→ Exercise instructions:
Without the pictures, output the records below exactly as they are.

-- -- --

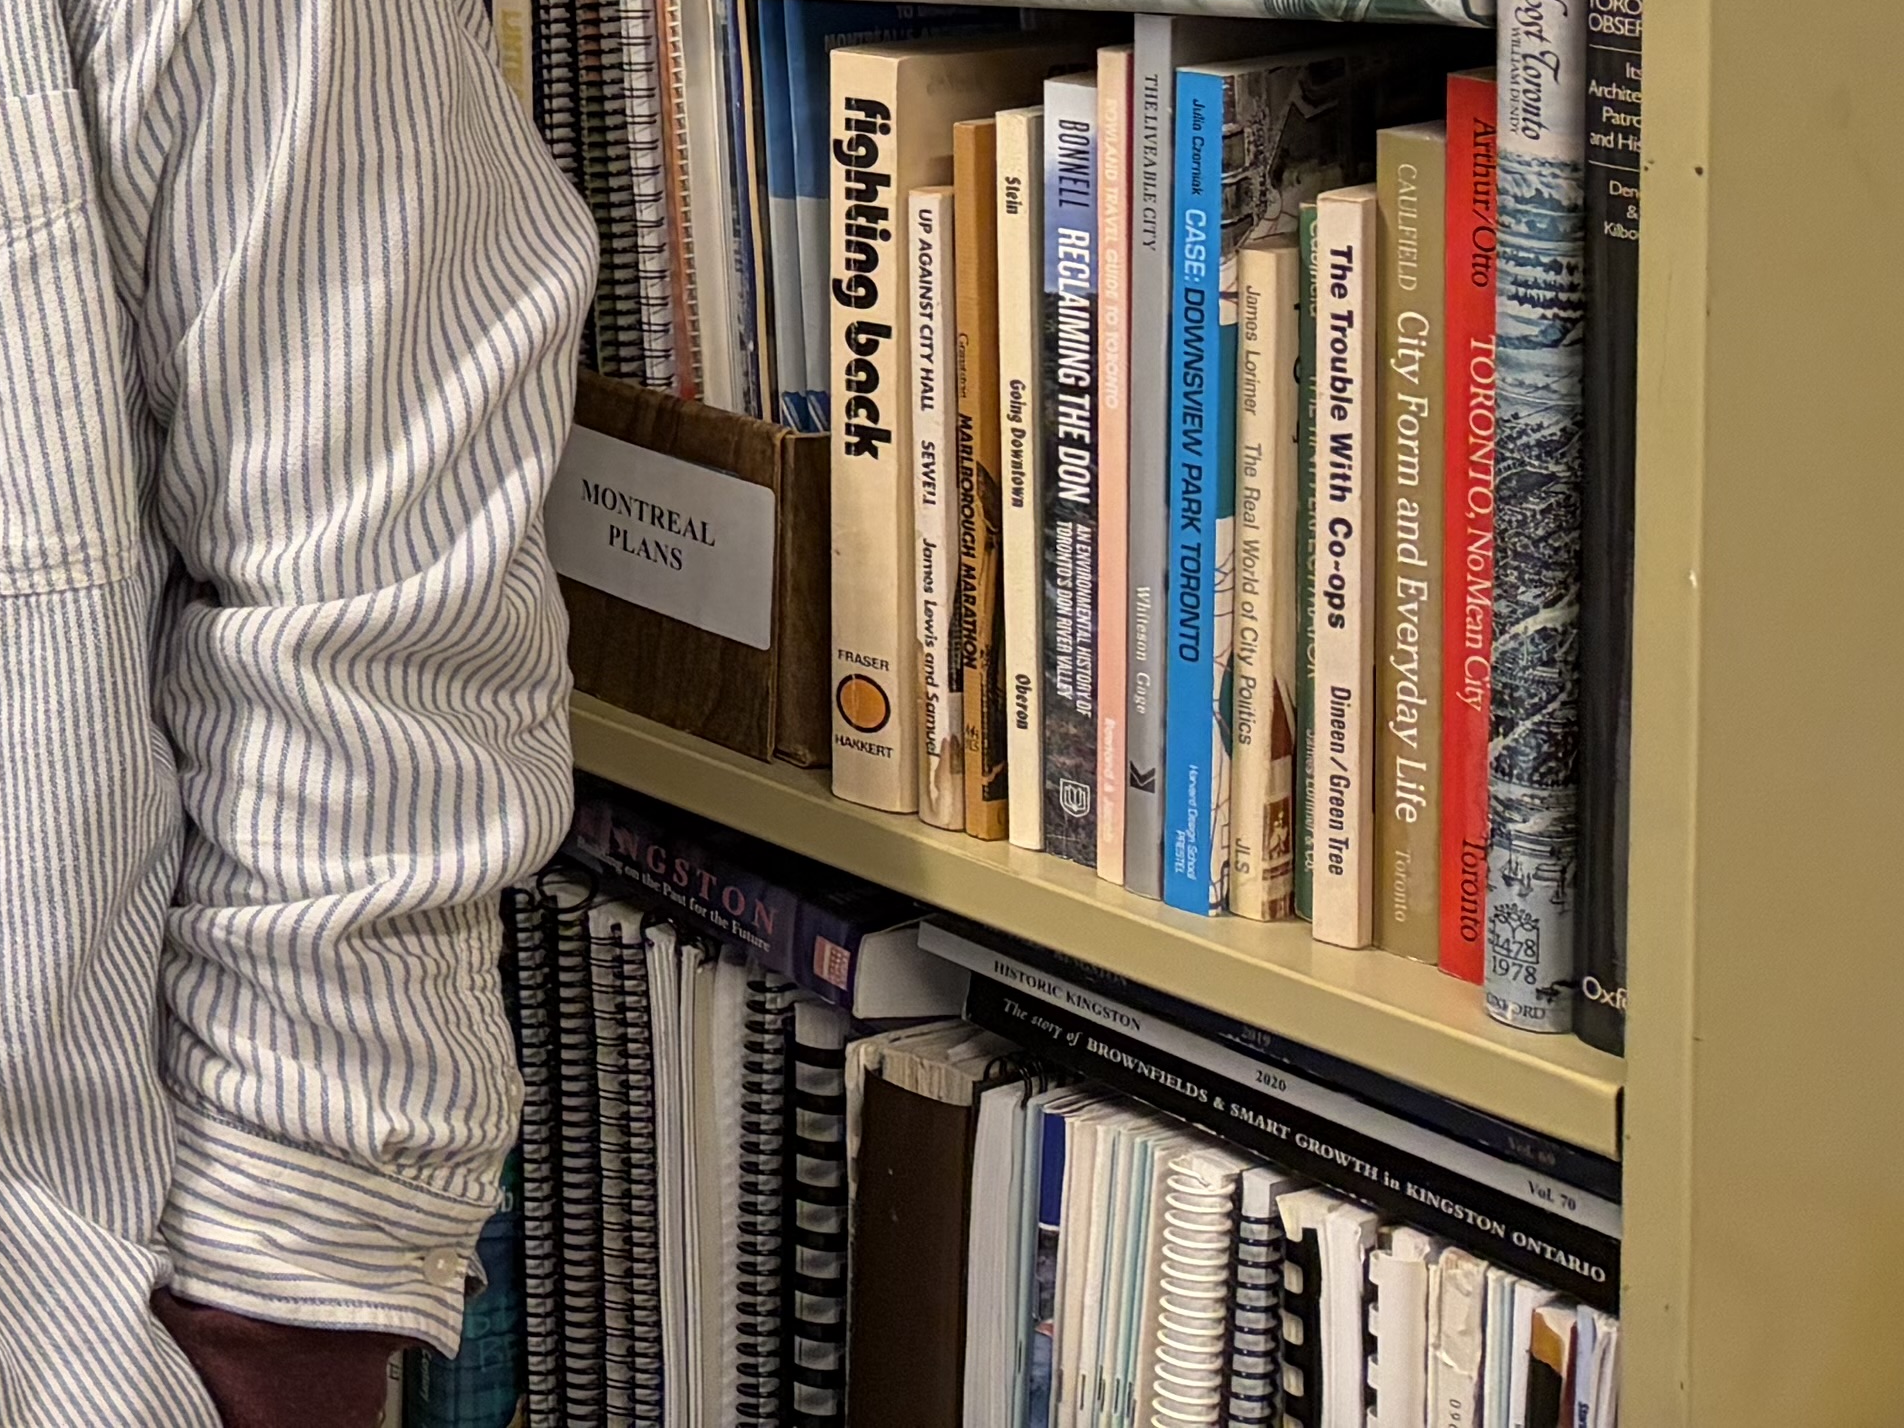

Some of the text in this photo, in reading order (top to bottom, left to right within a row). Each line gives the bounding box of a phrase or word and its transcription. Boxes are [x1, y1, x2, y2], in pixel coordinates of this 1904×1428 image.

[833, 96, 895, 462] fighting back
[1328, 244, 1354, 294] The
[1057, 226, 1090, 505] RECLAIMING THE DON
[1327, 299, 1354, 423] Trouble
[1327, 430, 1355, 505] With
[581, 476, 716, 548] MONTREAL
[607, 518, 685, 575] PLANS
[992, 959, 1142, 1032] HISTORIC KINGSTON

-- -- --

→ Reply to the task:
Some of the text in this photo, in reading order (top to bottom, left to right within a row). Each line gives the bounding box of a phrase or word and its transcription. Boxes are [x1, y1, x2, y2], in pixel coordinates of this 1904×1428 image.

[833, 96, 895, 462] fighting back
[1328, 244, 1354, 294] The
[1057, 226, 1090, 505] RECLAIMING THE DON
[1327, 299, 1354, 423] Trouble
[1327, 430, 1355, 505] With
[581, 476, 716, 548] MONTREAL
[607, 518, 685, 575] PLANS
[992, 959, 1142, 1032] HISTORIC KINGSTON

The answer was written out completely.